Tacite décrit l'intense stupéfaction, le mépris et la fureur des armées de Titus de découvrir que le temple de Jérusalem était vide et que le Dieu d'Israël " n'existait pas " puisqu'il n'avait pas de statue ! Seule une mutation du capital psychogénétique de notre espèce a pu donner naissance au premier singe rebelle à se prosterner devant du bois, de la pierre ou du fer. Certes, les idoles décorporées et cérébralisées ne sont pas encore psychanalysées. Mais seule une Europe de la pensée qui aura assimilé le génie juif le plus originel saura revivifier et féconder à nouveaux frais le captif de Nabuchodonosor, Daniel le visionnaire, parce que, dans toute l'Europe , mais également aux États-Unis , ce sont des juifs solitaires qui retrouvent la plume des Isaïe et des Ézéchiel pour continuer un combat de l'esprit de justice qui passe par la critique des idoles. Une géopolitique greffée sur la postérité de Darwin et de Freud saura que l'encéphale juif avait pris deux millénaires d'avance sur les cervelles de l'époque. Si l'Europe de la pensée soutient, reconnaît, salue et surtout, comprend le génie des prophètes d'Israël avec son cerveau de demain, l'avenir de l'intelligence du monde lui appartient.

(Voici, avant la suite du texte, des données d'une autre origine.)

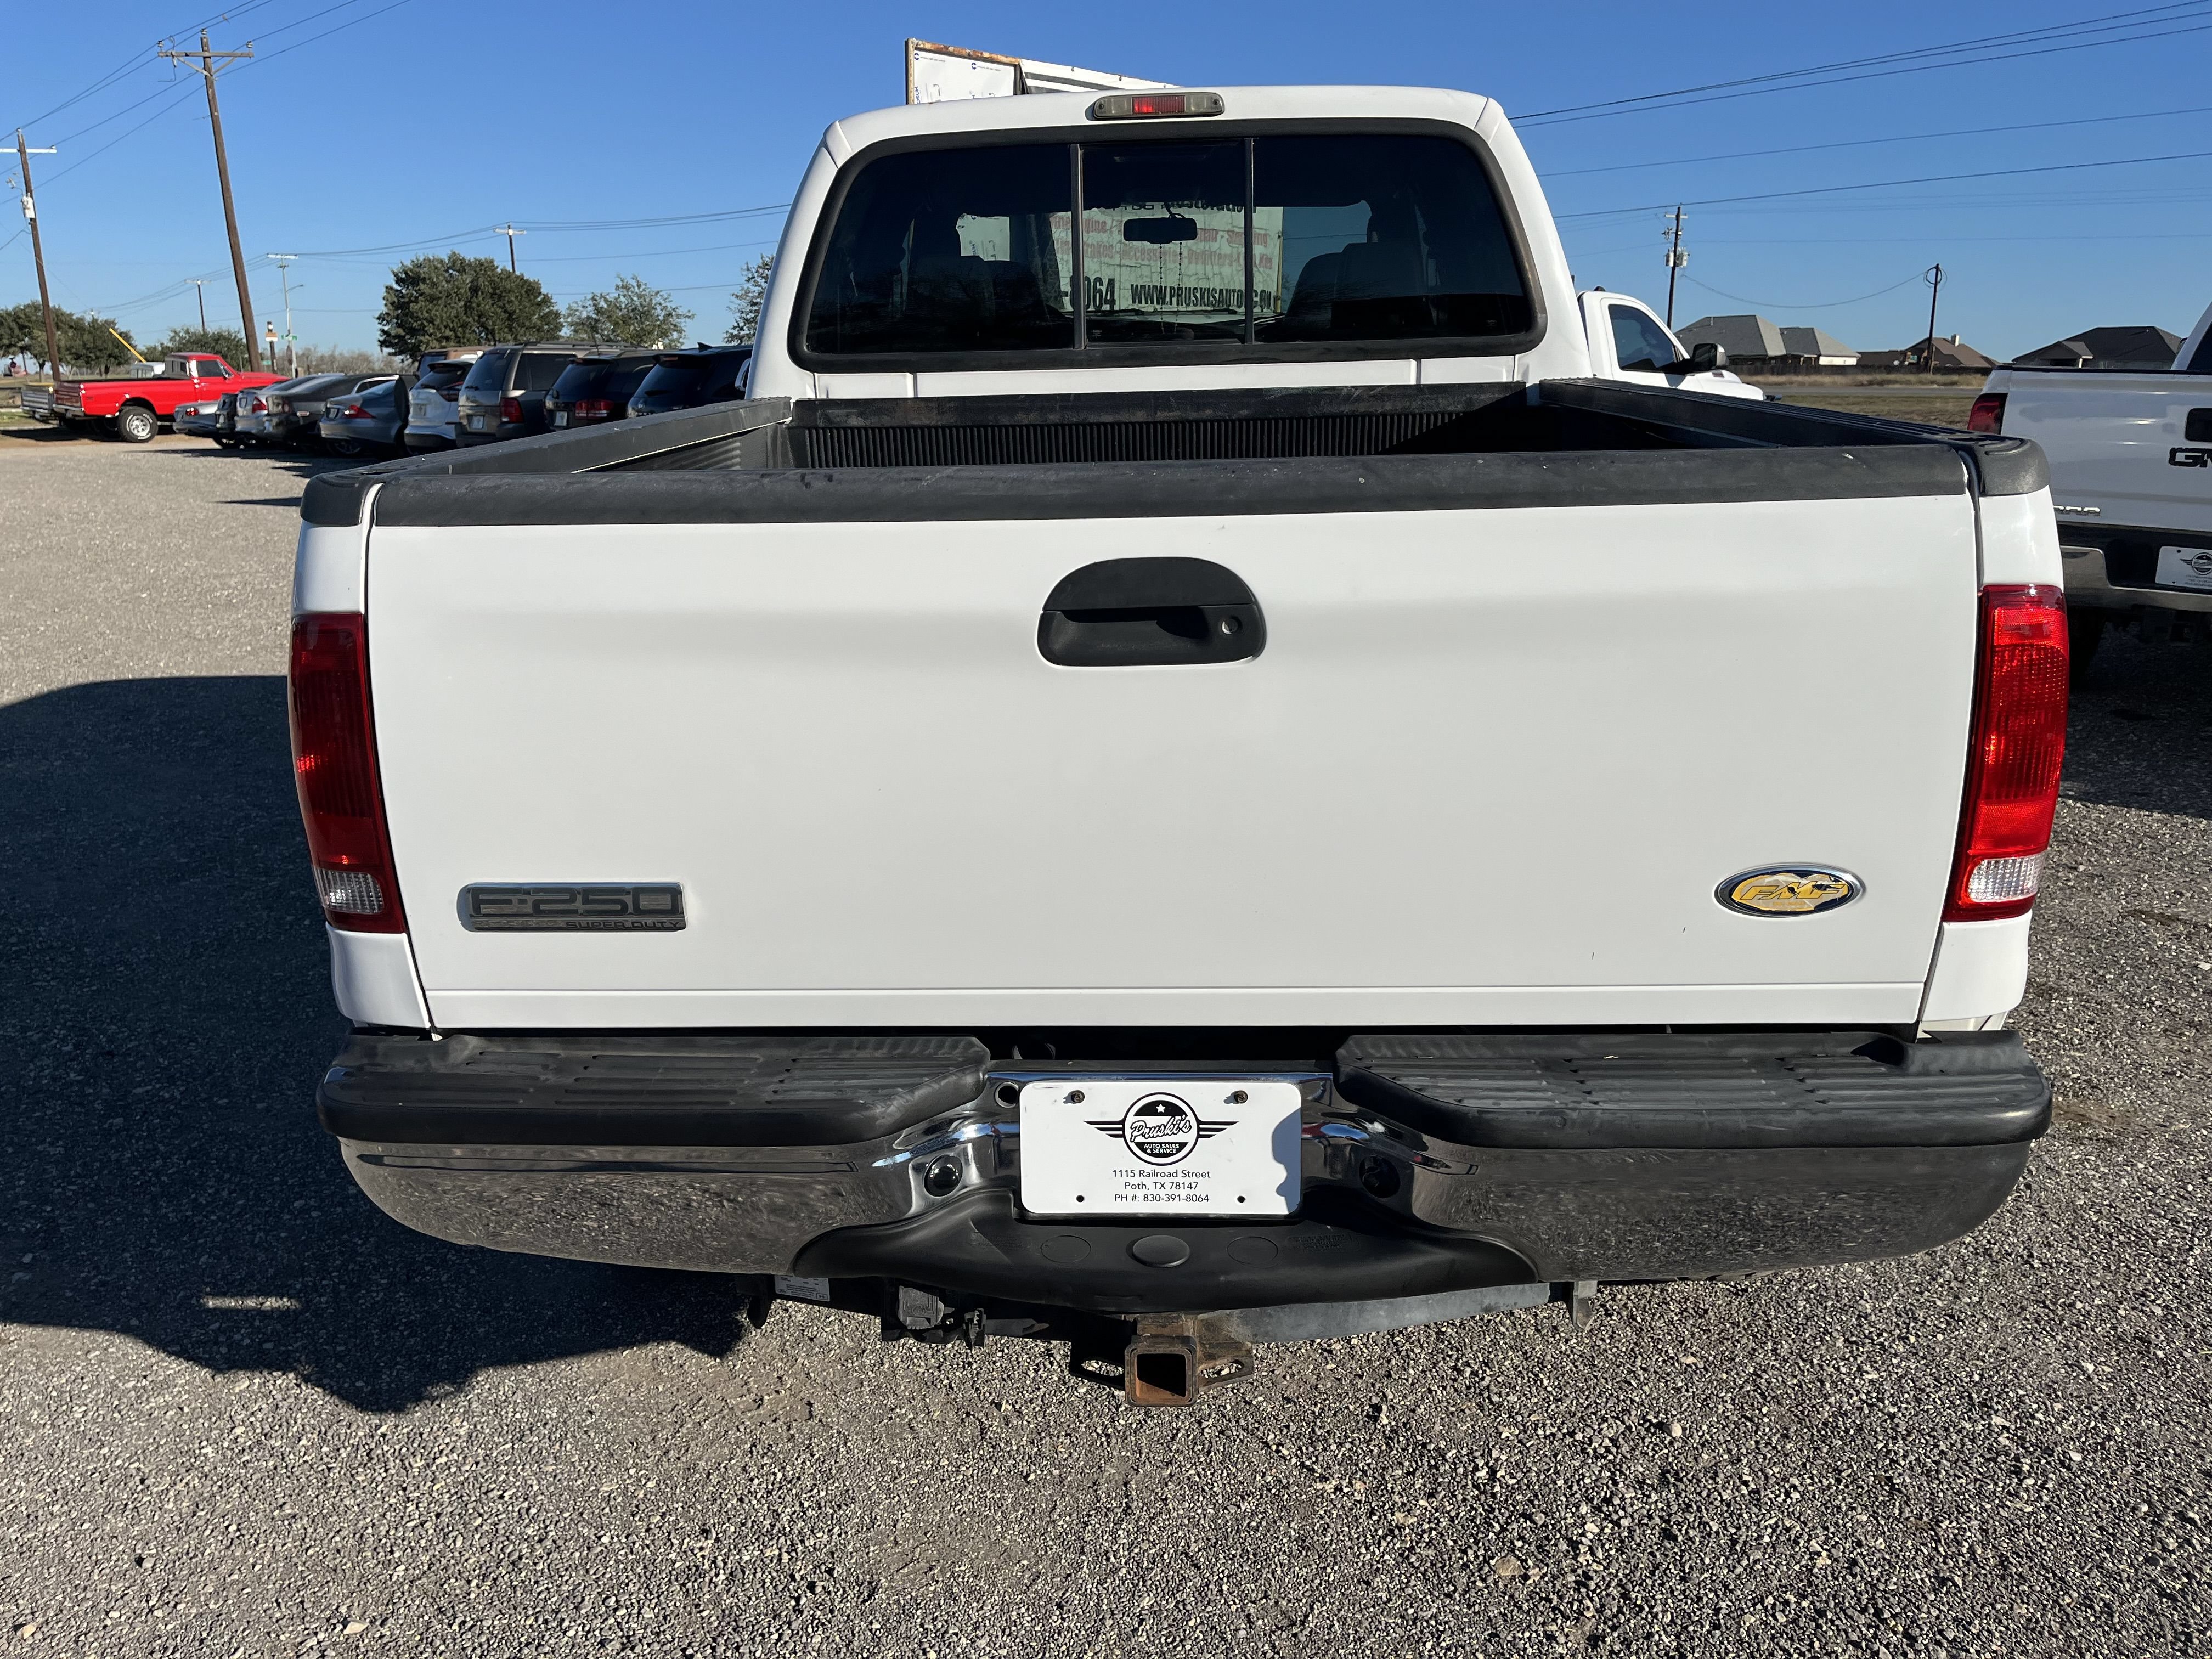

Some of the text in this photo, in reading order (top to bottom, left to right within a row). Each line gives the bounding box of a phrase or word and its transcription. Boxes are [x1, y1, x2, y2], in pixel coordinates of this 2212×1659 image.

Par un extraordinaire retournement de l'Histoire, le peuple juif a été condamné mille huit cent soixante dix huit ans après la victoire de Titus sur les Zélotes de Jérusalem, à se replonger dans les grandeurs et les atrocités de la condition humaine qu'illustre le temps des nations ; mais ce sera également l'heure du retour de l'esprit des prophètes dans l'histoire du génie humain - et déjà leur vraie voix, celle de l'éternel refus de la servitude, fait honte à l'Europe de s'agenouiller devant l'étranger. Ce ne sera pas de la Convention que surgira la classe politique de haut vol dont l'Europe de la lucidité politique aura besoin demain, mais des cerveaux capables de se faire un spectacle de l'encéphale de la bête prosternée devant son idole.